Items from a dataset

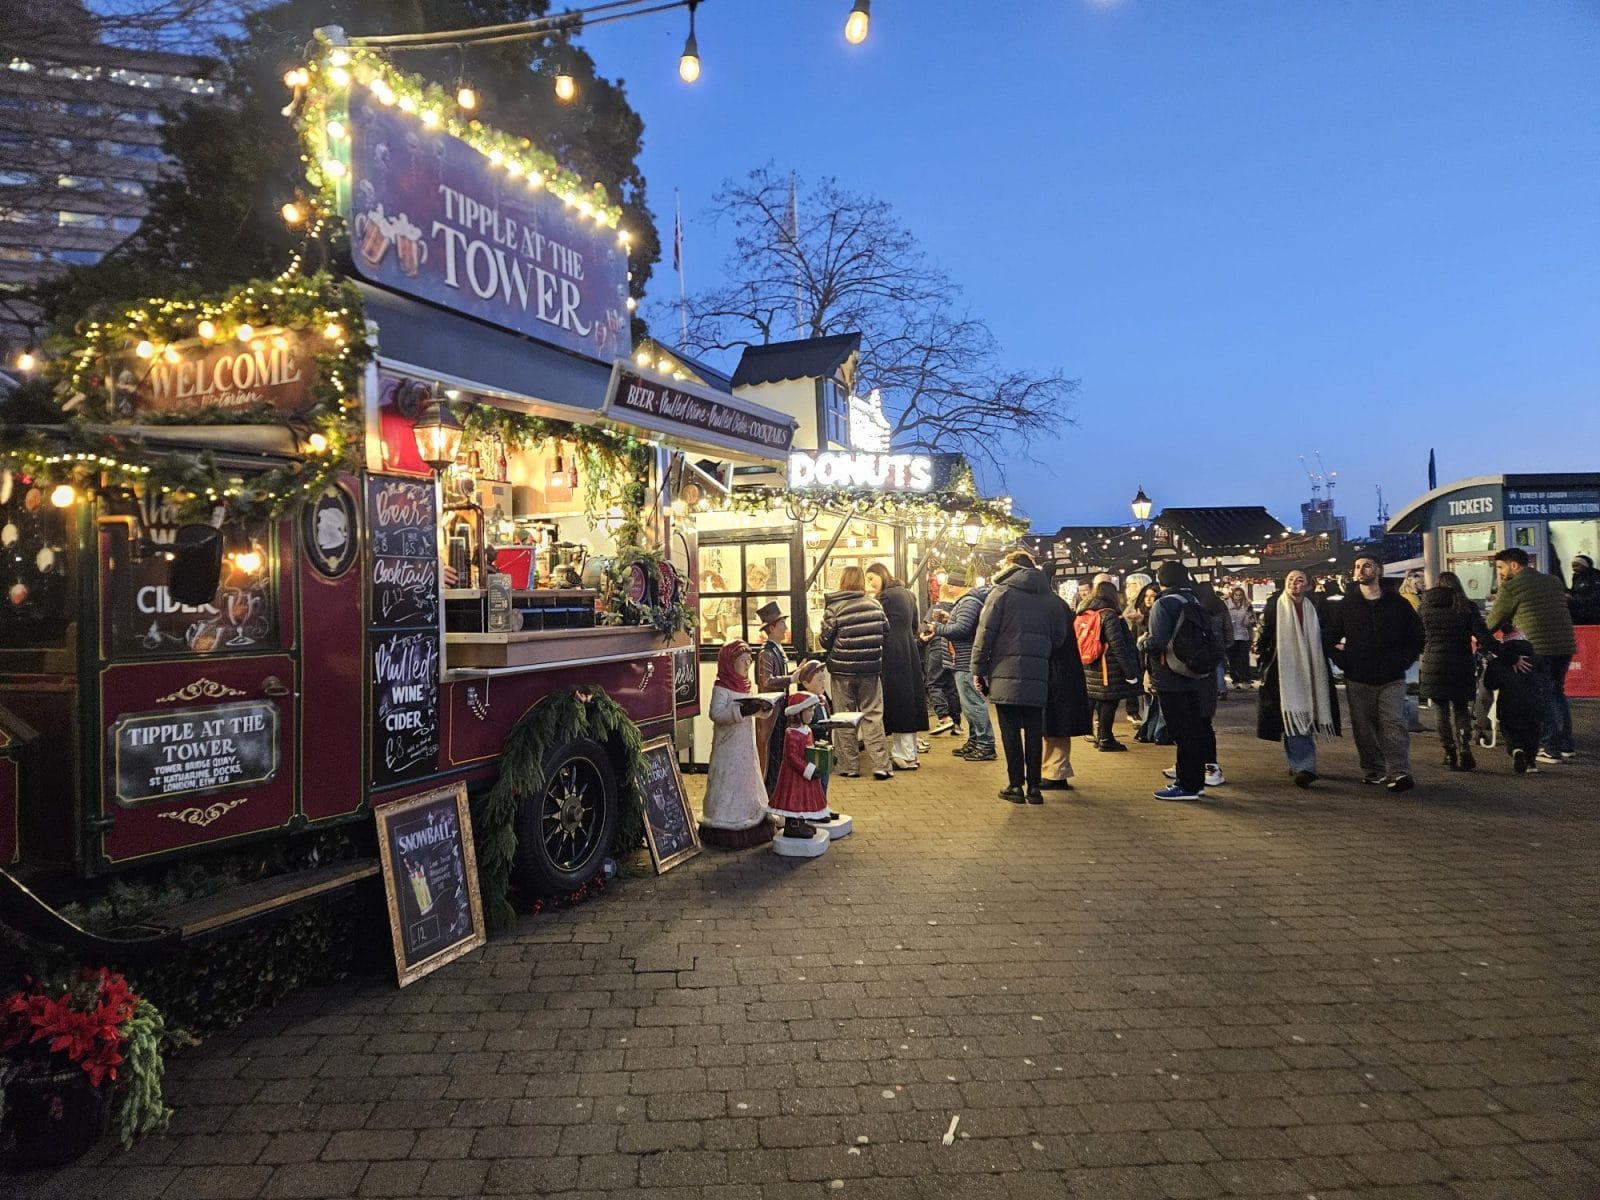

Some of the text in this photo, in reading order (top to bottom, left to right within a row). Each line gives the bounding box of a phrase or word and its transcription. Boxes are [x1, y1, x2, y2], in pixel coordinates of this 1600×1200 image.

[439, 184, 584, 281] TIPPLE AT THE
[432, 221, 592, 337] TOWER
[150, 346, 300, 399] WELCOME
[626, 385, 655, 412] BEER
[789, 453, 932, 492] DONUTS
[376, 491, 429, 526] Beer
[1448, 497, 1493, 516] TICKETS
[1508, 504, 1539, 514] TICKETS
[1549, 503, 1599, 513] INFORMATION
[374, 559, 434, 587] Cocktails
[375, 644, 433, 684] Mulled
[392, 684, 424, 705] WINE
[127, 714, 265, 746] TIPPLE AT THE
[386, 710, 425, 731] CIDER
[163, 738, 236, 763] TOWER
[154, 763, 182, 775] TOWER
[185, 759, 211, 771] BRIDGE
[399, 821, 452, 854] SNOWBALL

» PROMPT:
Quote every record above exactly, leaving out the pictures.

» SOLUTION:
Some of the text in this photo, in reading order (top to bottom, left to right within a row). Each line gives the bounding box of a phrase or word and its transcription. Boxes are [x1, y1, x2, y2], in pixel coordinates of this 1600×1200 image.

[439, 184, 584, 281] TIPPLE AT THE
[432, 221, 592, 337] TOWER
[150, 346, 300, 399] WELCOME
[626, 385, 655, 412] BEER
[789, 453, 932, 492] DONUTS
[376, 491, 429, 526] Beer
[1448, 497, 1493, 516] TICKETS
[1508, 504, 1539, 514] TICKETS
[1549, 503, 1599, 513] INFORMATION
[374, 559, 434, 587] Cocktails
[375, 644, 433, 684] Mulled
[392, 684, 424, 705] WINE
[127, 714, 265, 746] TIPPLE AT THE
[386, 710, 425, 731] CIDER
[163, 738, 236, 763] TOWER
[154, 763, 182, 775] TOWER
[185, 759, 211, 771] BRIDGE
[399, 821, 452, 854] SNOWBALL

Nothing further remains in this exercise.